Dataset section start

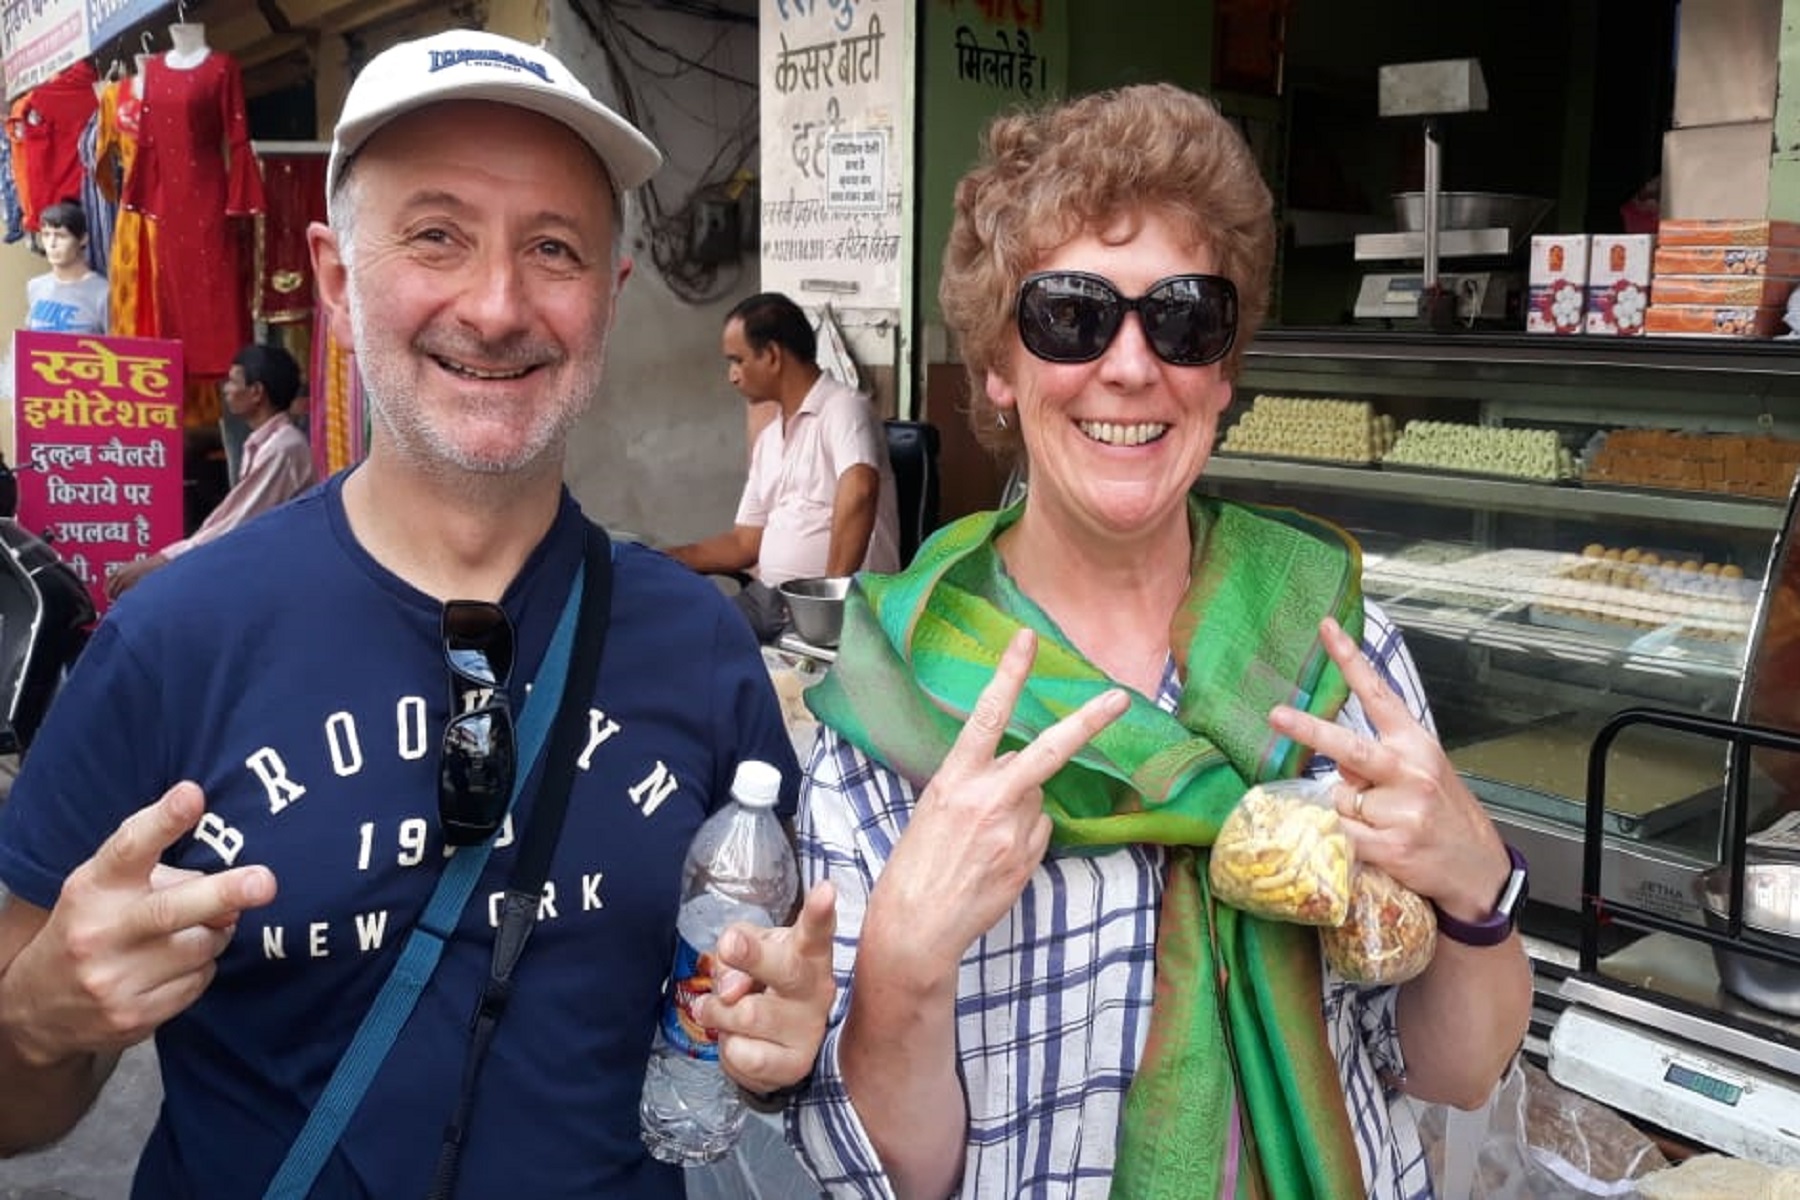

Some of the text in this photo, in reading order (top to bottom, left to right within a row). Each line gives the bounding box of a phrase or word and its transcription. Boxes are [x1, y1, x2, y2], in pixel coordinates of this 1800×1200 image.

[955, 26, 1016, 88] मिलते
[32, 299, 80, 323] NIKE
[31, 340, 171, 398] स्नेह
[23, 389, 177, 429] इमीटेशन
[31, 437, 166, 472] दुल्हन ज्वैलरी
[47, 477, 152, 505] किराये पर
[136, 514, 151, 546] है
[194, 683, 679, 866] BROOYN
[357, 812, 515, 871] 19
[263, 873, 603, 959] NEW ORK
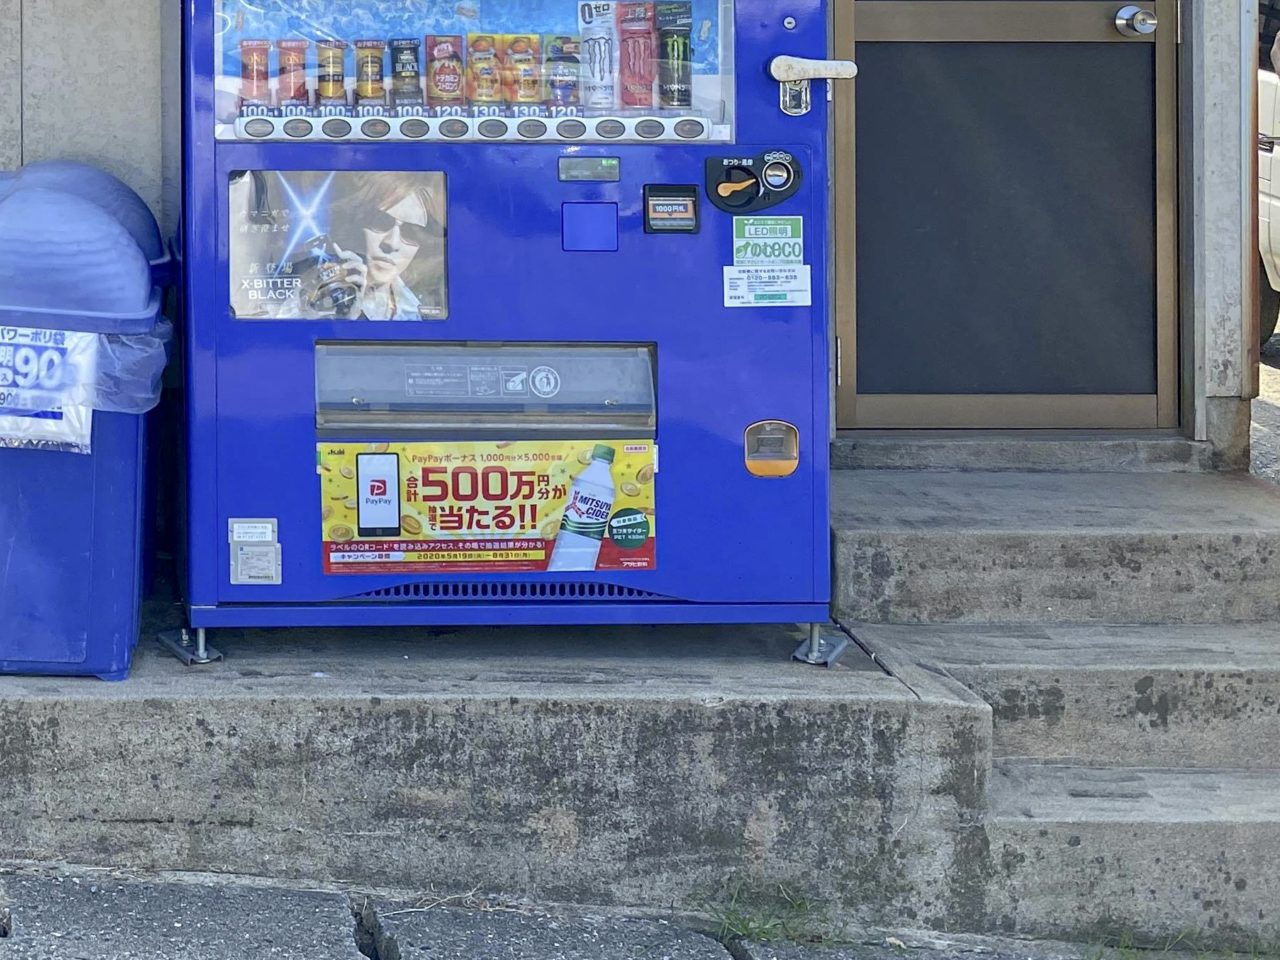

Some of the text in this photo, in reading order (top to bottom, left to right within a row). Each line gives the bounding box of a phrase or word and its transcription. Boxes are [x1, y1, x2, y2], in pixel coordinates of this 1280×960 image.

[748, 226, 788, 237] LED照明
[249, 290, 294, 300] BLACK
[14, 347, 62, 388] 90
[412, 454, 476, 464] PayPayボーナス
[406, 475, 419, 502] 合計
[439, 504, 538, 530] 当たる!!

Dataset section end

◆ Description of the task ◆
Pictures are to be left out. Everything else in the records above gets repeated exactly.

◆ Exercise response ◆
Some of the text in this photo, in reading order (top to bottom, left to right within a row). Each line gives the bounding box of a phrase or word and its transcription. Boxes are [x1, y1, x2, y2], in pixel coordinates of this 1800×1200 image.

[955, 26, 1016, 88] मिलते
[32, 299, 80, 323] NIKE
[31, 340, 171, 398] स्नेह
[23, 389, 177, 429] इमीटेशन
[31, 437, 166, 472] दुल्हन ज्वैलरी
[47, 477, 152, 505] किराये पर
[136, 514, 151, 546] है
[194, 683, 679, 866] BROOYN
[357, 812, 515, 871] 19
[263, 873, 603, 959] NEW ORK

Some of the text in this photo, in reading order (top to bottom, left to right within a row). Each line gives the bounding box of a phrase or word and its transcription. Boxes are [x1, y1, x2, y2], in pixel coordinates of this 1280×960 image.

[748, 226, 788, 237] LED照明
[249, 290, 294, 300] BLACK
[14, 347, 62, 388] 90
[412, 454, 476, 464] PayPayボーナス
[406, 475, 419, 502] 合計
[439, 504, 538, 530] 当たる!!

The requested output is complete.